Puluhan wartawan telah berhari-hari nongkrong di sana. Beberapa tamu ’penting’ membesuk Soeharto siang hingga sore itu. Sebut saja Pollycarpus Budihari Priyanto, yang tengah diusut kembali terkait kasus terbunuhnya aktivis HAM Munir. Ada juga beberapa pejabat lain, yang tak saya ingat jelas.

Berhari-hari ini, media selalu mengangkat polemik mengenai perlu tidaknya memaafkan Soeharto. Apa yang ditulis Baskara T Wardaya di Kompas Kamis, 17/1 rasanya tak berlebihan. Simak saja:

“...Jangan-jangan yang takut pada proses hukum dan pengadilan atas Pak Harto itu bukan Pak Harto sendiri, tetapi para kroninya. Para kroni itu takut, jika sampai Pak Harto diadili, merekalah yang akan kena. Mereka takut ketahuan bahwa selama ini telah menggunakan kuasa dan pengaruh Pak Harto demi kepentingan sendiri. Itu sebabnya orang-orang itu bersikeras agar Pak Harto jangan sampai diadili. Semua itu dilakukan bukan demi Pak Harto, tetapi demi diri sendiri,” tulis Baskara. Entah bagaimana perasaan para kroni Soeharto saat membaca tulisan itu. Upss, tapi apakah mereka peduli ?

Apa yang sedang terjadi dengan bangsa ini ? Kedelai mahal. Harga minyak tanah dan gas elpiji terus naik. Soeharto harus diampuni ? Politik menjelang Pemilu 2009 ? Kenapa Gus Dur, dan Presiden Soekarno yang sakit tak pernah mendapat perlakuan serupa ? Kenapa SBY -yang pernah jadi orang dekat Soeharto- (terkesan) takut dan ragu? Entahlah. Tetapi, saya yakin jauh di lubuk hati 200 juta rakyat Indonesia tahu jawabannya.
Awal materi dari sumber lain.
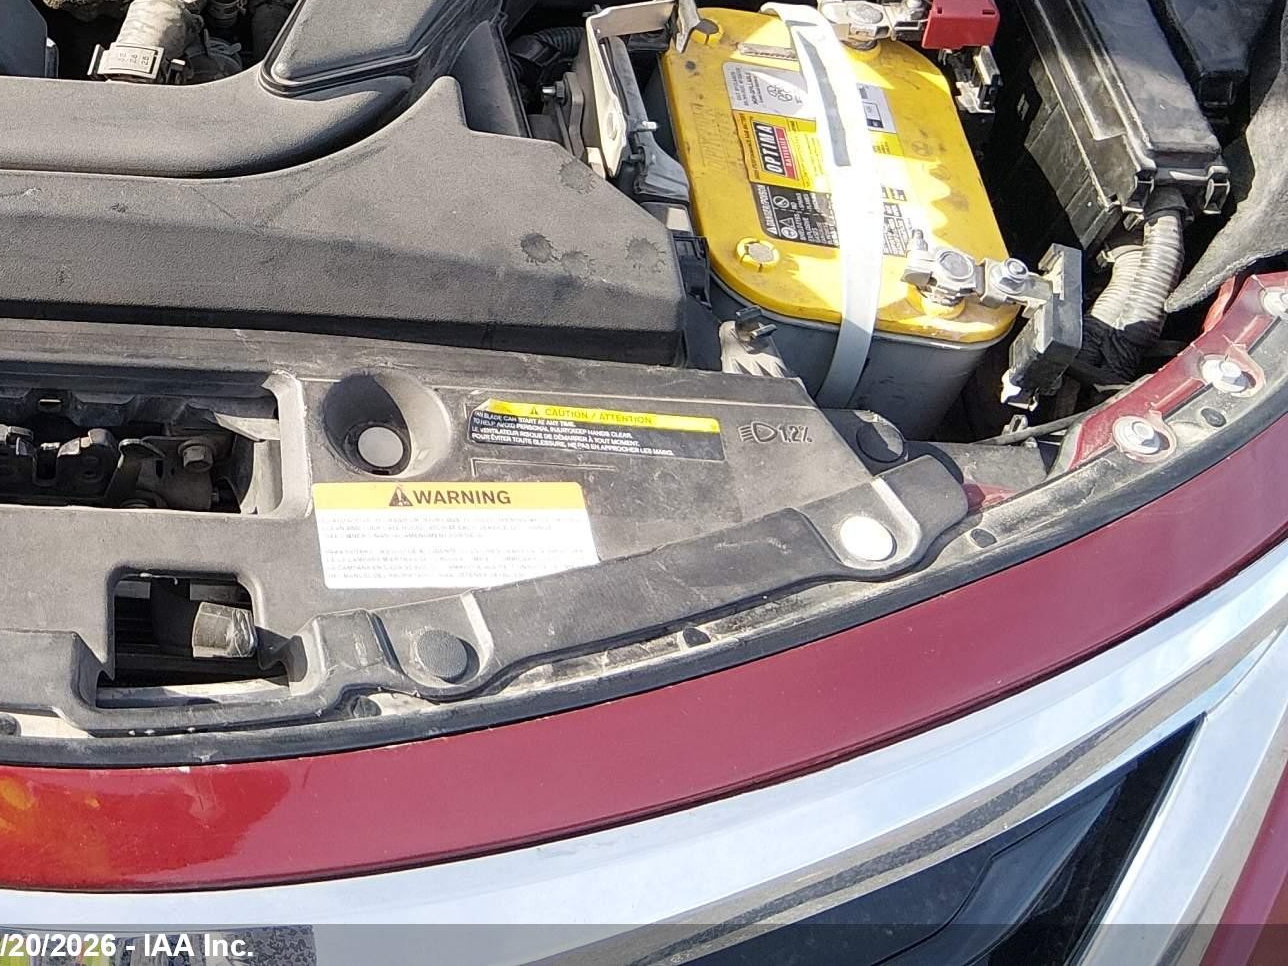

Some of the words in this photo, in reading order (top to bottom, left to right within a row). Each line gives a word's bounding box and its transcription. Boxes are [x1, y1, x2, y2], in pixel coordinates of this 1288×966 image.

[756, 124, 784, 173] OPTIMA
[545, 408, 588, 419] CAUTION
[600, 412, 652, 424] ATTENTION
[412, 490, 512, 505] WARNING
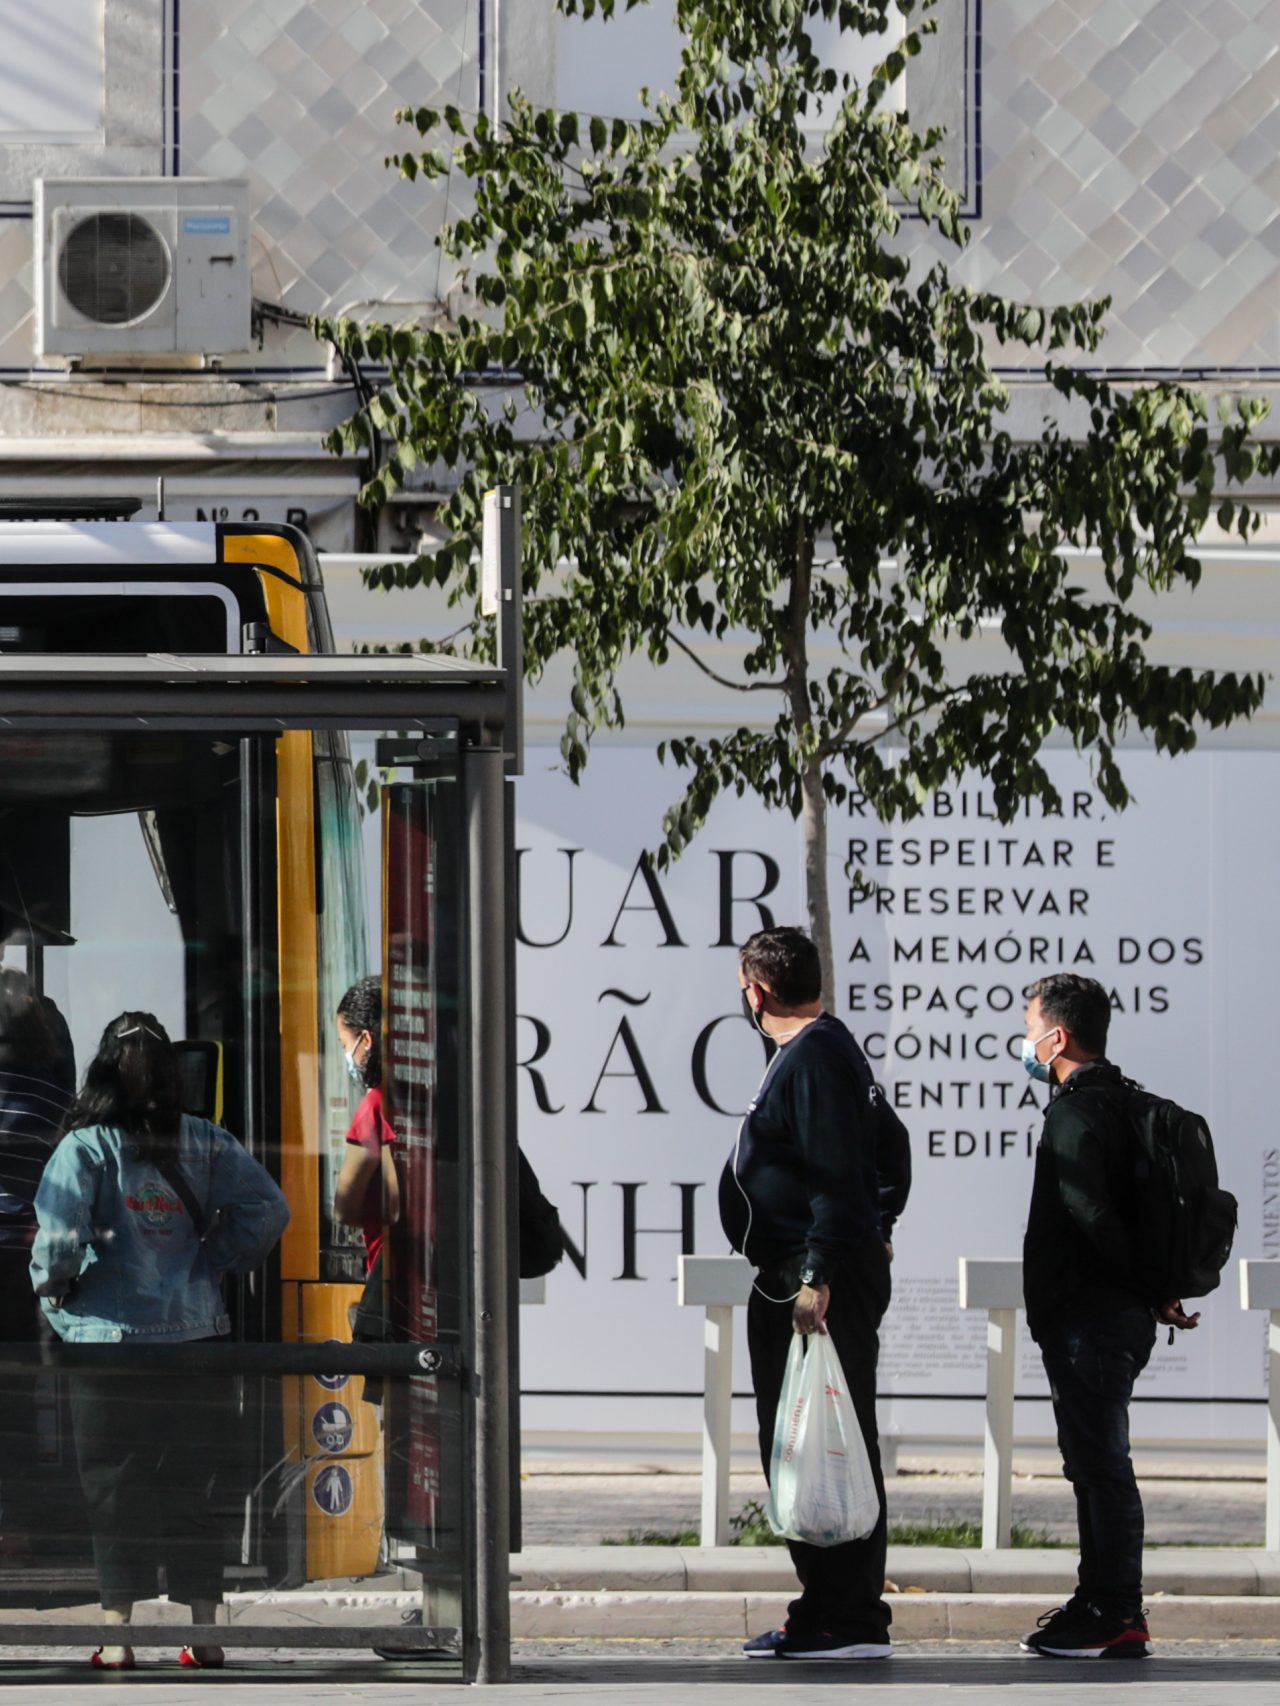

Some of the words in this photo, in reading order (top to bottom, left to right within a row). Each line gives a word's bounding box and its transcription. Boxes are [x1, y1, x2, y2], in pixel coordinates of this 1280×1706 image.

[848, 839, 1074, 867] RESPEITAR
[1097, 840, 1116, 867] E
[848, 888, 1090, 916] PRESERVAR
[848, 937, 871, 963] A
[893, 929, 1095, 963] MEMÓRIA
[1120, 937, 1204, 965] DOS
[852, 1025, 1027, 1060] CÓNICO
[928, 1123, 1035, 1158] EDIFÍ
Semoga ini menjadi catatan bagi anak-cucu saya berpuluh tahun ke depan... karena, historia vitae magistra est, sejarah adalah guru kehidupan.

Lamunan awal tahun 2008

1 comment:

Anonymous said...

bicara soal kedelai, apa yang terjadi hari ini menunjukkan bagaimana lambannya kerja pemerintah. harga kedelai yang melonjak lebih dari seratus persen tidak terjadi secara tiba-tiba. Kenaikan harga kedelai di pasar internasional yang dipicu oleh berkurangnya pasokan kedelai dari Amerika akibat dialihkannya 15 persen lahan kedelai mereka untuk ditanami jagung sebagai bahan energi alternatif sudah berlangsung sekitar enam bulan terakhir. Dengan fakta bahwa hampir 3/4 kebutuhan kedelai bergantung pada impor, seharusnya pemerintah sudah melakukan antisipasi jauh-jauh hari. Tapi upaya mencari jalan keluar baru dilakukan setelah sekitar 5.000 pengusaha tahu tempe berunjuk rasa di depan istana negara!
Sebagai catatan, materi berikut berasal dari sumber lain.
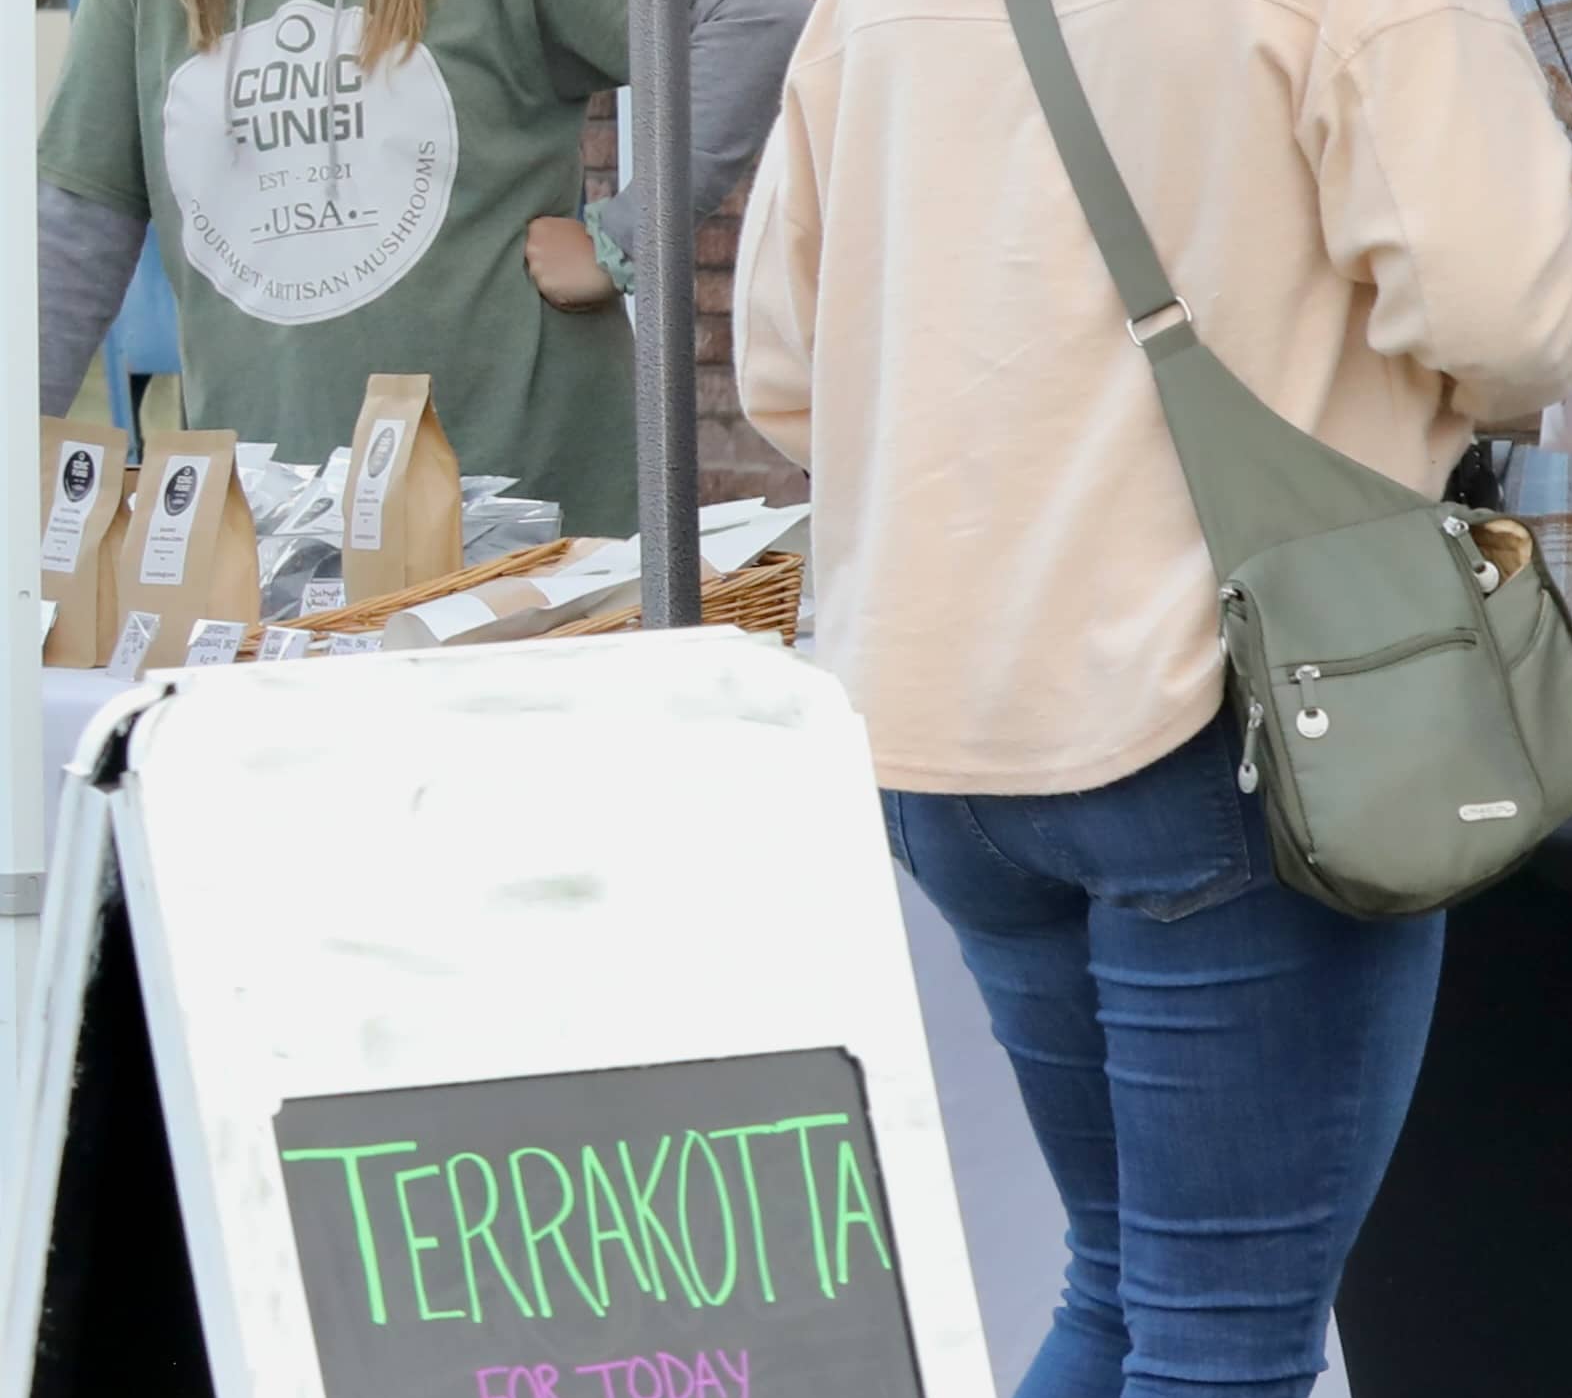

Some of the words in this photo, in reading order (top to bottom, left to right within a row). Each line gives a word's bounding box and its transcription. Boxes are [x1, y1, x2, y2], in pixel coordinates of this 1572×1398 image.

menurutku yang lebih penting lagi sebenarnya adalah memutus ketergantungan pasokan pangan dari luar. Aku bersepakat dengan HS Dillon yang mengkritik pemerintah karena menyerahkan pasokan pangan utamanya pada mekanisme pasar. Dan sayangnya kebijakan yang diambil pemerintah baru-baru ini seperti penghapusan bea masuk impor kedelai menjadi 0 persen belum benar-benar menyentuh persoalan mendasar tersebut.

Di sisi lain, sejak 1990-an Pusat Penelitian Bioteknologi LIPI Cibinong sebenarnya telah menemukan teknik memproduksi kedelai plus dengan produktivitas tinggi dan tak memerlukan pemupukan secara optimal (coba lihat Republika 18 Januari 2008). Jadi persoalan kualitas kedelai dalam negeri yang selama ini dikeluhkan kalah mutunya dibanding produk sejenis dari Amerika sebenarnya bukan persoalan yang tak dapat diatasi. Nah, disini (lagi-lagi) pemerintah sudah seharusnya mengambil peran. sialnya pemerintah belum punya good will kesana.